O time de Neném Prancha
por João Saldanha
Já faz muito tempo, acho que durante a
guerra, os jogadores do Posto 4 FC, campeoníssimo da praia, dirigido pelo
"Trenier" mais famoso da Costa do Atlântico, Neném Pé de Prancha,
tinham resolvido dar uma festa de fim de ano, na garagem da casa de um tio do
Renato Estelita. O Lá Vai Bola FC aderiu ao baile e compraram três barris de
chope.
Eu não topei e disse na esquina do Café
do Baltazar: "Não vou. Na festa do ano passado, na garagem do Pé de
Chumbo, quebraram tudo e até hoje o clube não pagou a cristaleira da avó dele
que estava guardada lá. Não vou mesmo. Chega de encrenca."
Meu irmão Aristides, o Hélio
Caveira-de-Burro e o Orlando Cuíca me acompanharam na idéia de não ir ao baile
e fomos tomar um chope, sossegados, num bar vazio, na esquina da Avenida
Atlântica com Rua Constante Ramos. A noite estava boa e o papo também. Mais
tarde, passou por ali o Jaime Botina e disse: "Caí fora do baile. Tem
gente demais e muito nego bêbado. Vai dar galho." E eu emendei: "Não
disse?"
Lá pelas duas horas da manhã, parou um
táxi daqueles grandes e saltou o doutor A. Coruja, esfregando os óculos, nervoso.
O doutor Coruja era um impetuoso lateral direito.

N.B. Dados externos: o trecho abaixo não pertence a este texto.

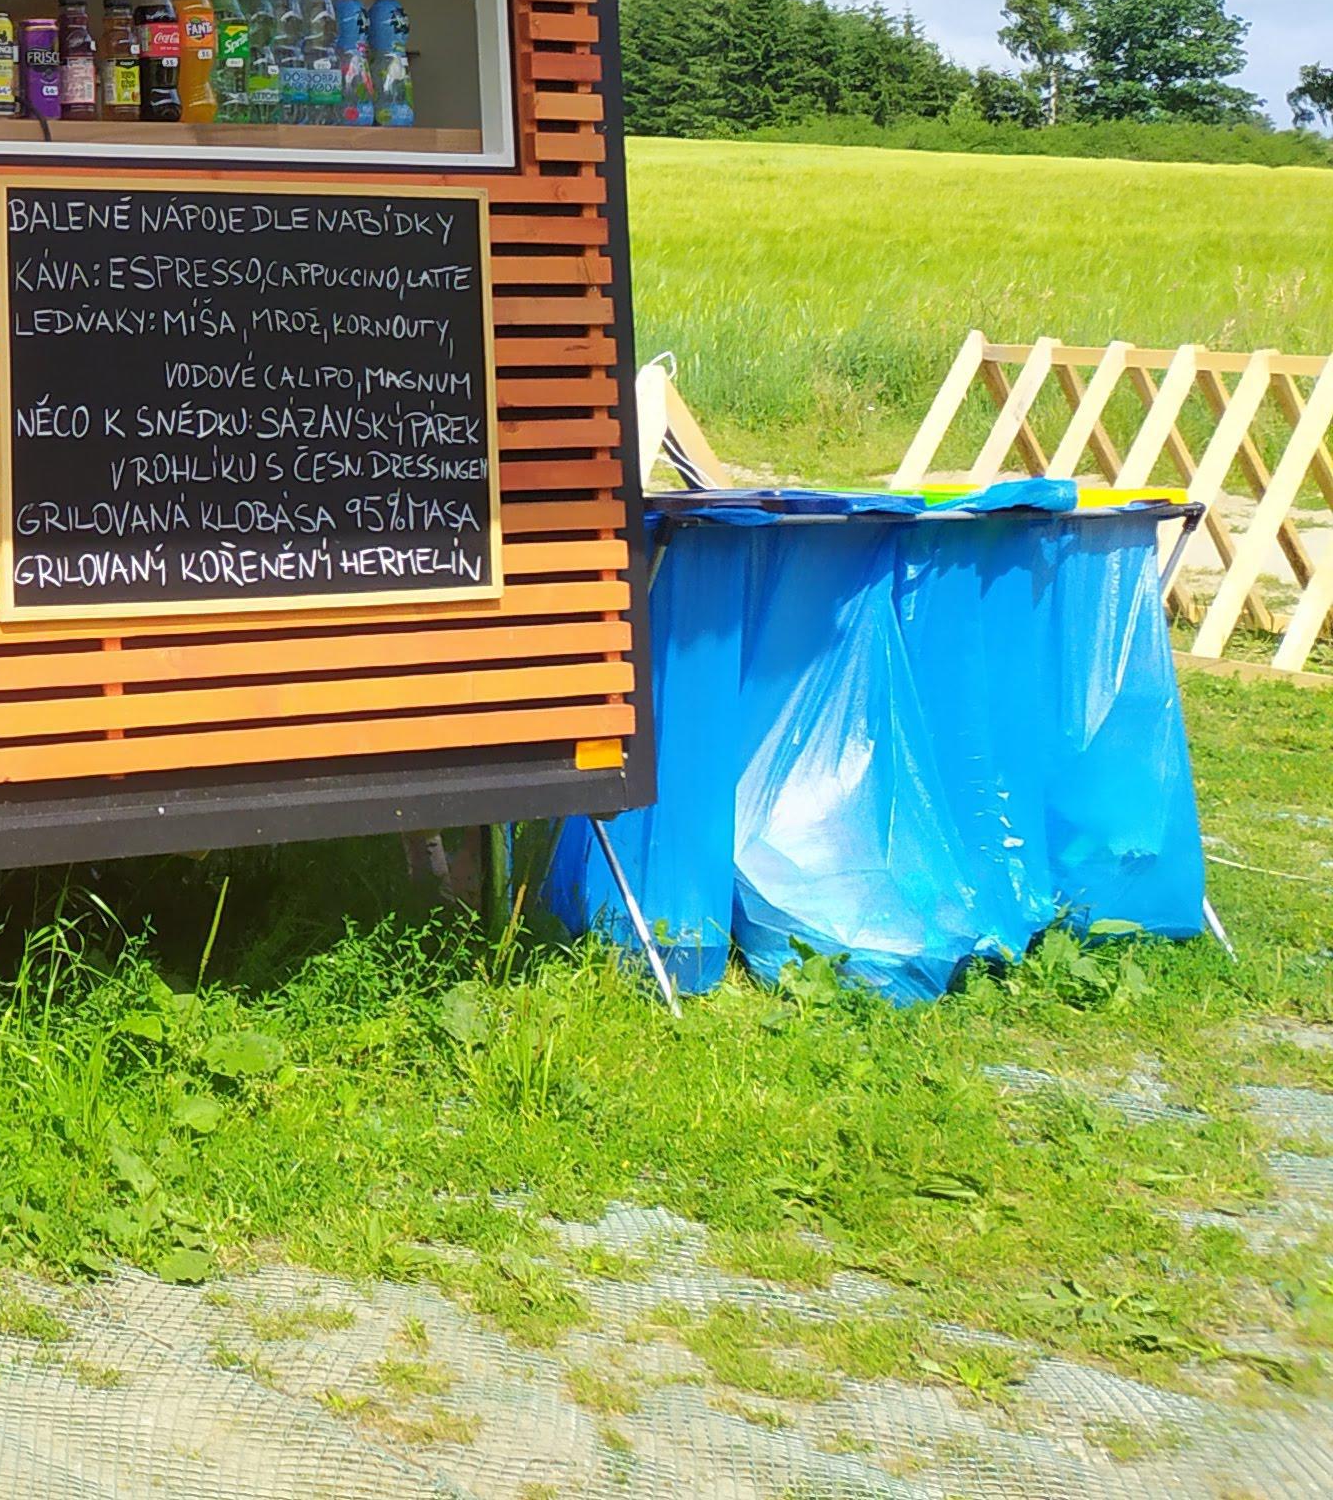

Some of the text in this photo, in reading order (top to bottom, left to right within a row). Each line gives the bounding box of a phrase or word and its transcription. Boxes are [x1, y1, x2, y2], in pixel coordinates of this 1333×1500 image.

Só dava bico na bola de
borracha e Neném Prancha decretou: "Só joga se cortar as unhas. Uma bola
está custando cinco pratas." Seu controle de bola não era dos melhores,
mas quebrava o galho na lateral direita. O galho ou o ponta-esquerda
adversário.
Mas chegou e foi falando incisivo: "Se
vocês são machos e meus amigos, têm de ir lá comigo. Fui desacatado mas eram
muitos." E foi logo dando ordens: "Entrem aqui no táxi e vamos
lá."
Lá aonde?" disse o Hélio. Coruja
explicou: "E na Rua Joaquim Silva. A mulher me desacatou, ofendeu minha
mãe e não pude reagir porque ela estava com três caras na mesa. Vocês têm de ir
comigo ou não são meus amigos." Repetiu isto umas cinco vezes e completou:
"Como é, poetas? Vamos ou não vamos? Vocês agora deram para medrar?"
Eu cochichei para o Cuíca: "O
Coruja está de porre. Não vou me meter nisto." O Cuíca respondeu:
"Ele vai chatear a gente o ano inteiro por causa disso. O Coruja quando
bebe é assim. Fica remoendo os troços. Olha, ele veio de lá até aqui e gastou
meia hora. Para voltar, outra meia hora. Os caras já não estão mais lá, a
pensão já deve estar fechada e a mulher dormindo com alguém." E virando-se
para o doutor Coruja: "Tá bem, nós vamos, mas vem tomar um chopinho com a
gente." Coruja topou e mandou o português do táxi esperar.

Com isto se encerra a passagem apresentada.